Luis Ferreira

Luis Ferreira

Milagres sem redomas

O mundo vive confrontado com problemas aparentemente graves e de difícil solução. No entanto, a diversidade dos problemas não nos impede de os considerar separadamente e ajuizar o que cada um de nós pode opinar sobre os mesmos.

Os recentes acontecimentos que mobilizaram todos os países do mundo, fizeram posicionar em segundo plano os que há quatro meses eram a primazia da comunicação social e nos entravam pela casa dentro sem pedir permissão.

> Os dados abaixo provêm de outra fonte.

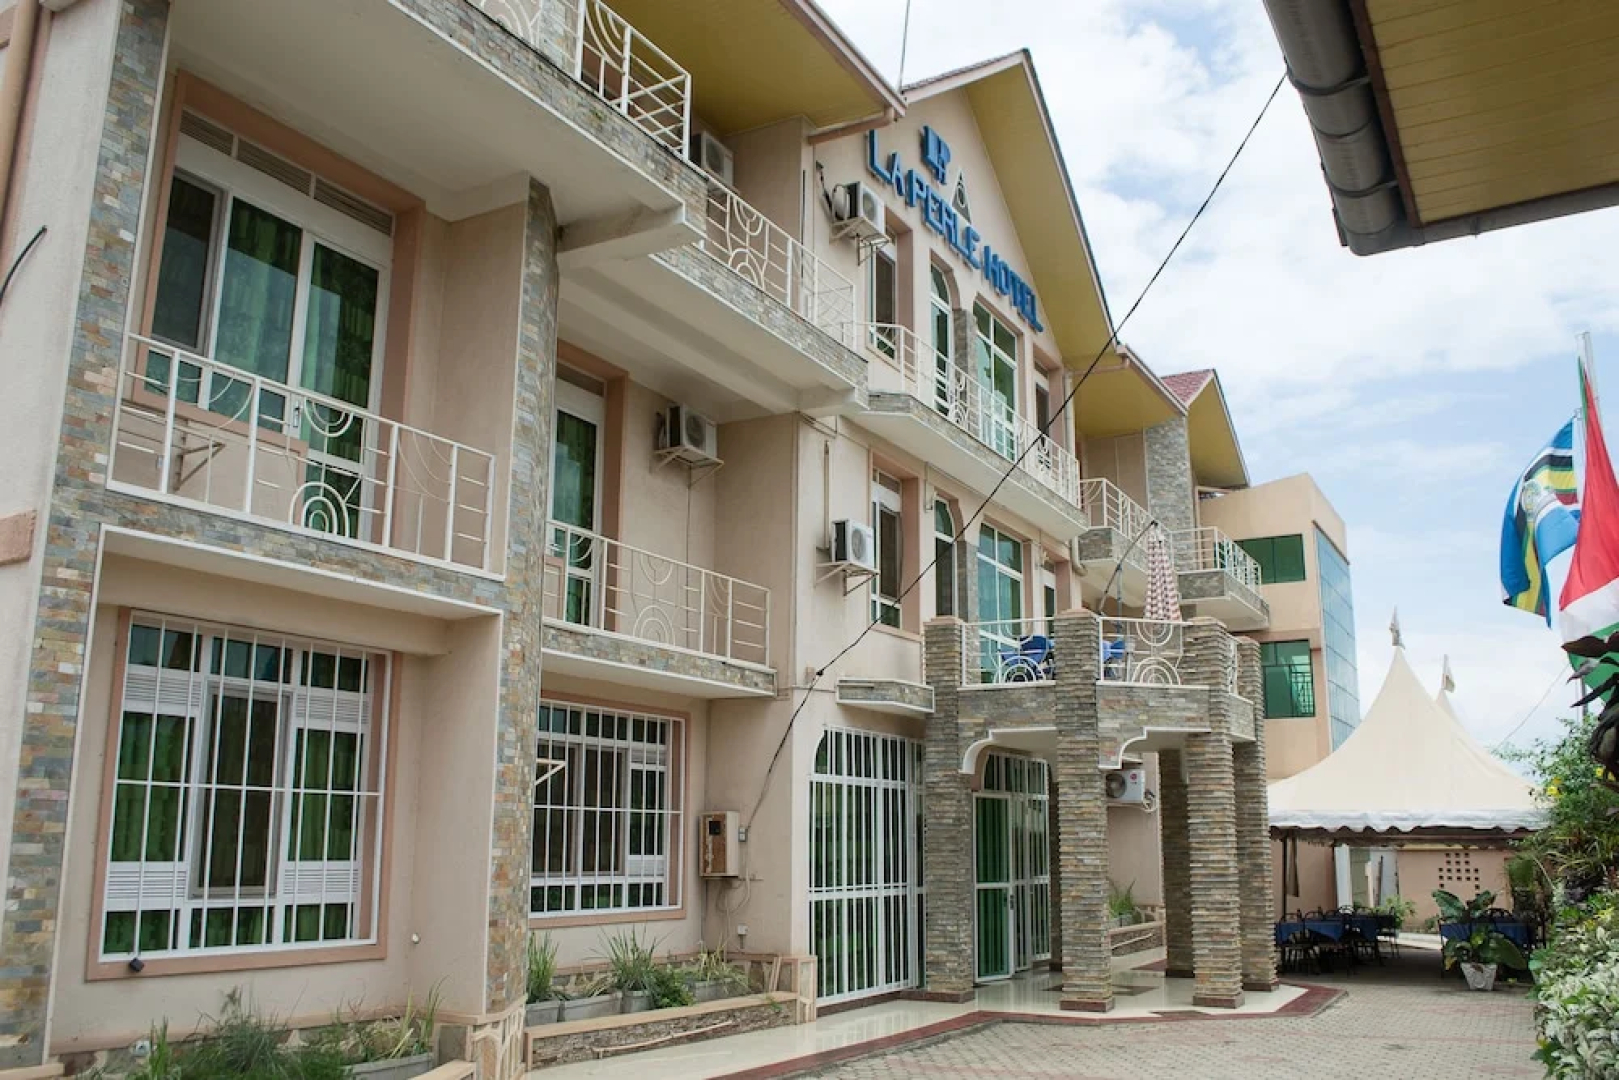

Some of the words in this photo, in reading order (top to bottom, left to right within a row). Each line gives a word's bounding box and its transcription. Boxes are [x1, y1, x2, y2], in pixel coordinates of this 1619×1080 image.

[867, 129, 904, 197] LA
[906, 169, 981, 270] PERLE
[983, 245, 1044, 332] HOTEL

Queixávamo-nos de uma monopolização de informação que praticamente nos impedia de pensar em outras coisas mais agradáveis. A abertura dos noticiários era feita com notícias bombásticas e nada agradáveis. Ataques terroristas de um lado, bombas de outro, destruição de cidades e países, confrontos e ameaças nucleares, mortes no Mediterrâneo, ataques económicos e tantas coisas mais que chegavam a ser quase um exagero de informação. Mas não era. Os acontecimentos provavam-no. Eram momentos de incerteza e preocupação, mesmo para quem nada tinha a ver com esses problemas de solução imprevisível. Mas esses problemas trouxeram mais problemas.

De há quatro meses para cá, os problemas não desapareceram, mas surgiram outros que monopolizaram toda a informação. Já não se fala de atentados terroristas nem do Daesh, do Estado Islâmico do Iraque ou do Levante, da Síria e da sua destruição, do Boko Haram, da ameaça muçulmana na Europa, do racismo, nem das ameaças entre a Coreia do Norte e os EUA. Mas estes problemas mantêm-se. Não desapareceram. A comunicação transferiu o seu interesse para outros problemas mais atuais e prementes. Canalizar a atenção das pessoas para determinados conteúdos é prioritário e agora, quer se queira quer não, o interesse é Covid19.

A verdade é que neste momento também já estamos a ficar fartos de ouvir notícias sobre esta pandemia. Todos os noticiários abrem com números sobre o que se passa em cada país do mundo a nível de óbitos com Covid19 e sobre os que estão contaminados com o vírus.

Passados já cerca de quatro ou cinco meses desde que o vírus apareceu e se começou a espalhar, parece que muito pouco mudou. Quando todos pensavam que se estava a controlar este inimigo invisível, começa-se a ter receio de uma segunda vaga e já começamos a temer outro confinamento. Pelo menos alguns. É que para determinadas pessoas, o vírus é coisa passageira, é mais um vírus de uma qualquer gripe ou nem sequer os pode atingir porque são imunes a estas coisas que só atingem os mais velhos e os idosos. Então toca de abusar e mostrar que já estavam fartos de confinamento e o que era preciso era mesmo exteriorizar toda a força contida ao longo dos três meses em que não puderam sair à rua. E como é que se faz? Farra. Haja farra à farta que o vírus não se mete connosco. Erro fatal. Estamos à beira de uma segunda vaga e de novos confinamentos se o juízo não voltar à cabeça de quem não pensa que há outras pessoas para além deles. O bom comportamento inicial a que alguém chamou de “milagre” português, está a esvair-se completamente. Por enquanto, temos núcleos de contaminação que o governo está a tentar controlar, mas não é fácil. Os números continuam a crescer principalmente em Lisboa e arredores. E é curioso, que até a Espanha terrivelmente atingida, tem presentemente menos pessoas infetadas que nós diariamente. O que se passa afinal? O Santo António e o S. João deixaram de fazer milagres? Ou será que a devoção abrandou?

Parecia estarmos numa redoma e que nada nos atingia. O vírus era coisa para o resto da Europa, onde a Itália e a Espanha acompanhadas pela França, passavam momentos de aflição. Nós estávamos imunes. Os mais incrédulos até podiam pensar assim, mas os mais atentos a estas coisas, esperaram para ver e viram. Viram-no chegar e atingir o país inteiro, matar indiscriminadamente, velhos, idosos, crianças, e todas as raças e etnias. Ele não é racista. Tem, contudo, um aliado muito importante: a irreverência da juventude e a loquacidade que os envolve como se fosse uma redoma impenetrável. Mas não é. O vírus precisa deles para acabar com a falta de respeito que temos uns pelos outros. Quando se falava que o mundo não voltaria a ser o mesmo, esperávamos que todos tivéssemos a consciência e a responsabilidade que ao nosso lado mora um vizinho, mas não. Afinal, será que vai mudar ou ficaremos na mesma a acreditar que ainda há quem faça milagres?